Having not met the April 1 budget deadline, the state was forced
into emergency stop-gap measures to keep the government open.
Part of the controversy is a proposal to remove an
existing tax exemption that has allowed customers who shop for
alternative suppliers (ESCOs) to avoid paying sales tax on the
energy delivery portion of the bill.
Last summer, New
York City made a similar move by increasing its city sales tax
from 4 percent to 4.5 percent and also ending the same tax
exemption from sales tax on the delivery portion of the bill for
electricity customers who shop for alternative suppliers. The
current proposal would apply statewide, as New York’s localities
typically copy state rules.
This effort had been
percolating for the better part of a year, as the state and city
faced budget shortfalls.
While the proposal is
technically the removal of a tax exemption, the governor’s plan
is being portrayed by opponents as a new tax.
Many
observers viewed the New York City removal of the tax exemption
in 2009 as the harbinger of a broader statewide application in
the future. Whether that future is here is yet to be determined.

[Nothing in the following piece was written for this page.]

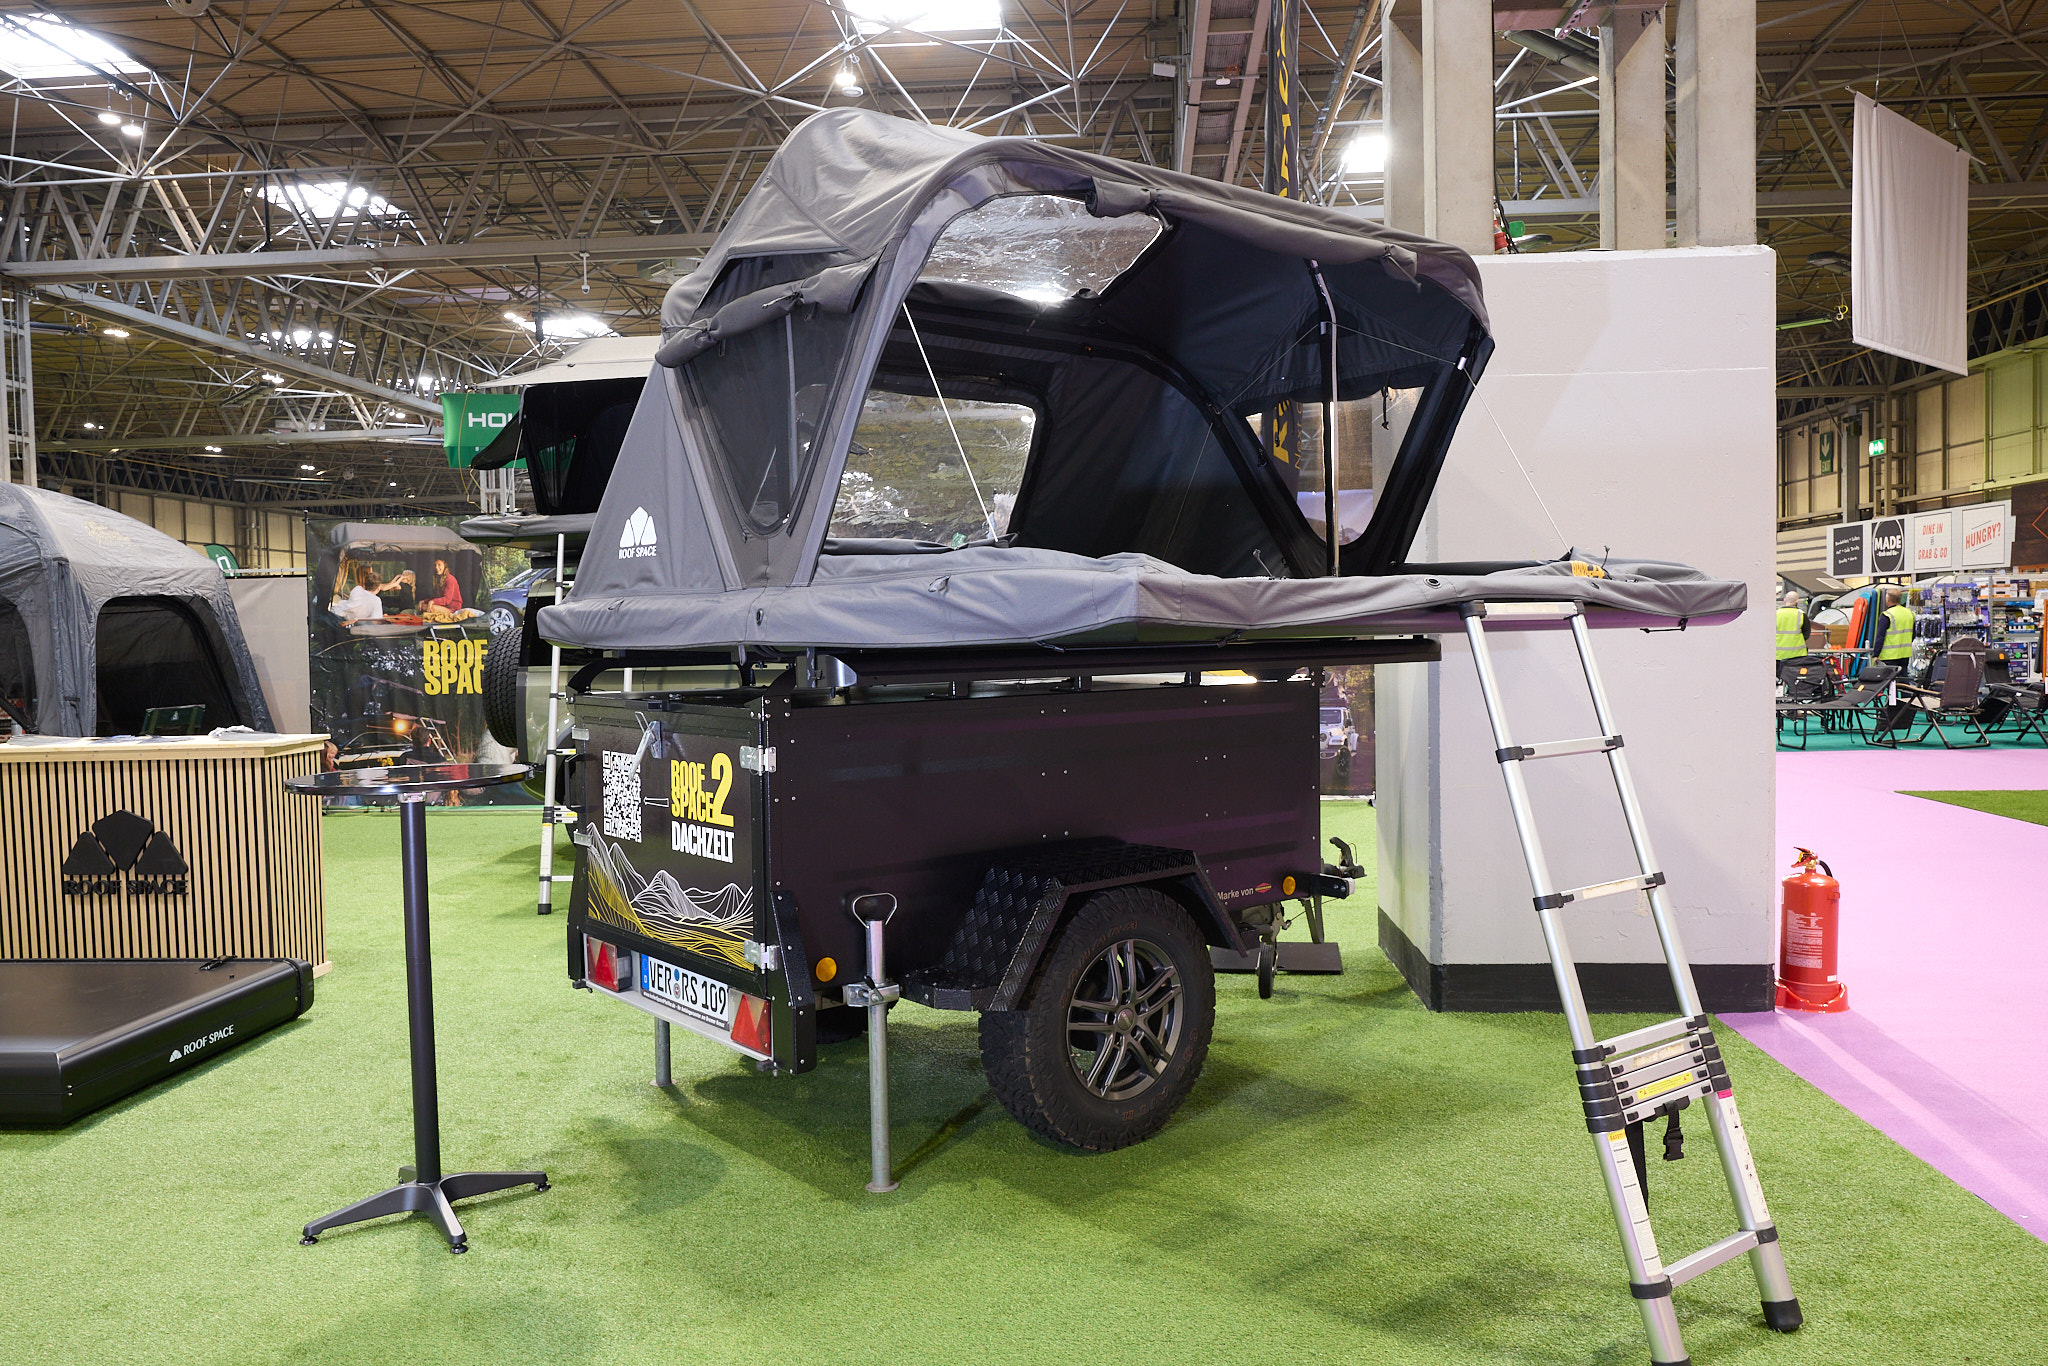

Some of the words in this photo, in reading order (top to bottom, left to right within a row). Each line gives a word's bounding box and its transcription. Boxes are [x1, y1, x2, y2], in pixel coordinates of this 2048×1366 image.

With the State Senate being almost evenly split between
Democrats and Republicans, the budget negotiating process is
unpredictable.
This isn’t the only controversial tax
provision. The governor’s budget proposal also would allow local
governments to decide independently of state action to increase
local gross receipts tax from 1 percent to 3 percent.
Also, fresh in the mind of legislators is the 2009 increase of
the “Section 18-a” assessment on energy users. Section 18-a of
the State Public Service Law provides for the collection of
funds from electricity consumers to finance the operations of
energy-related state agencies. The increase was from .33 percent
to 2 percent of a monthly bill. The utility companies have been
collecting the 2 percent fee from customers and remitting it to
the state.
When considered with the other tax provisions,
the negotiations surrounding the sales tax exemption proposal
will be intense, and predicting final action will be difficult.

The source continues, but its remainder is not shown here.